== Your assignment ==
Every record must be given again word for word; no picture belongs in the copy.

(Data records Opens)

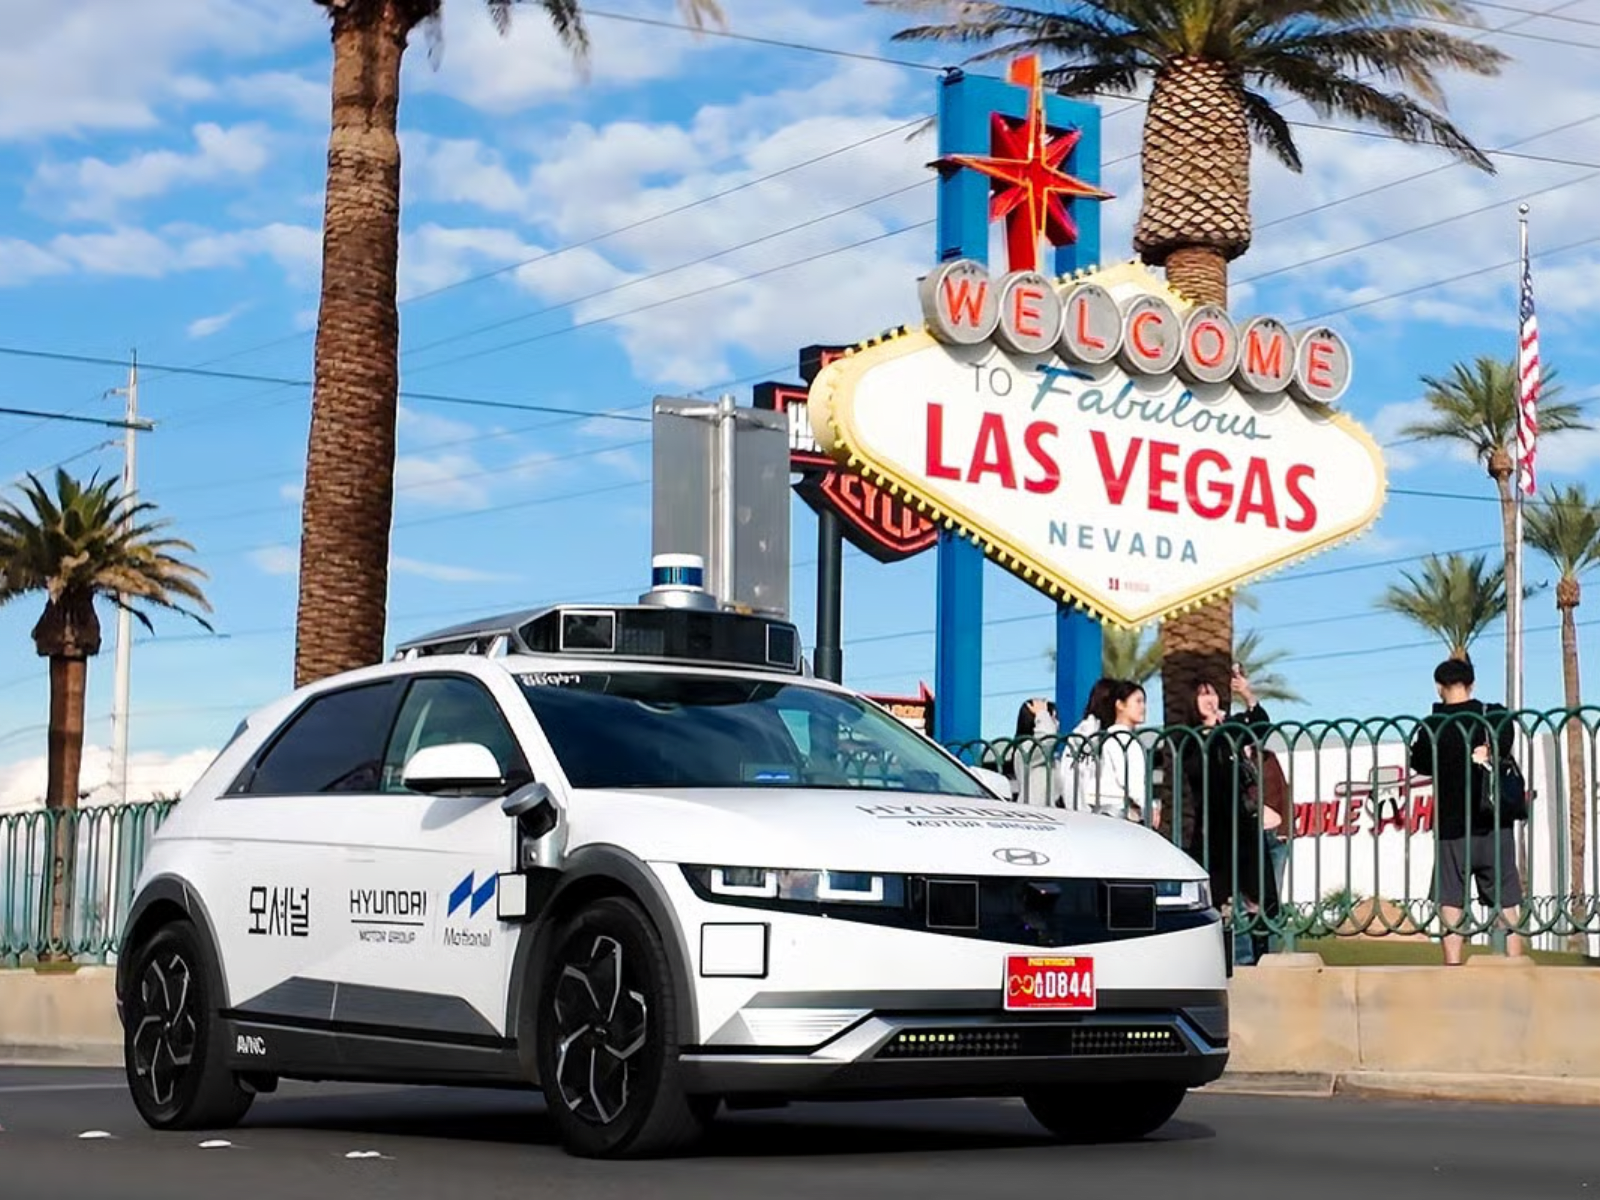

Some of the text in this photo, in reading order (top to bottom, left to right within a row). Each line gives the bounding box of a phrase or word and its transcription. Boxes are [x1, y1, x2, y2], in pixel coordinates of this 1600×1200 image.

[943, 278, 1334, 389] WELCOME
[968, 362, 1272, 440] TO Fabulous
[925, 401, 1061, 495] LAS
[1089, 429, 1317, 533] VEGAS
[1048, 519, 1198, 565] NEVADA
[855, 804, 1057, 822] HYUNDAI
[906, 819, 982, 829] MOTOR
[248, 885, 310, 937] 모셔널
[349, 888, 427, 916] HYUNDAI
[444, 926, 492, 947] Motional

(Data records Closes)

== Answer to the problem ==
Some of the text in this photo, in reading order (top to bottom, left to right within a row). Each line gives the bounding box of a phrase or word and its transcription. Boxes are [x1, y1, x2, y2], in pixel coordinates of this 1600×1200 image.

[943, 278, 1334, 389] WELCOME
[968, 362, 1272, 440] TO Fabulous
[925, 401, 1061, 495] LAS
[1089, 429, 1317, 533] VEGAS
[1048, 519, 1198, 565] NEVADA
[855, 804, 1057, 822] HYUNDAI
[906, 819, 982, 829] MOTOR
[248, 885, 310, 937] 모셔널
[349, 888, 427, 916] HYUNDAI
[444, 926, 492, 947] Motional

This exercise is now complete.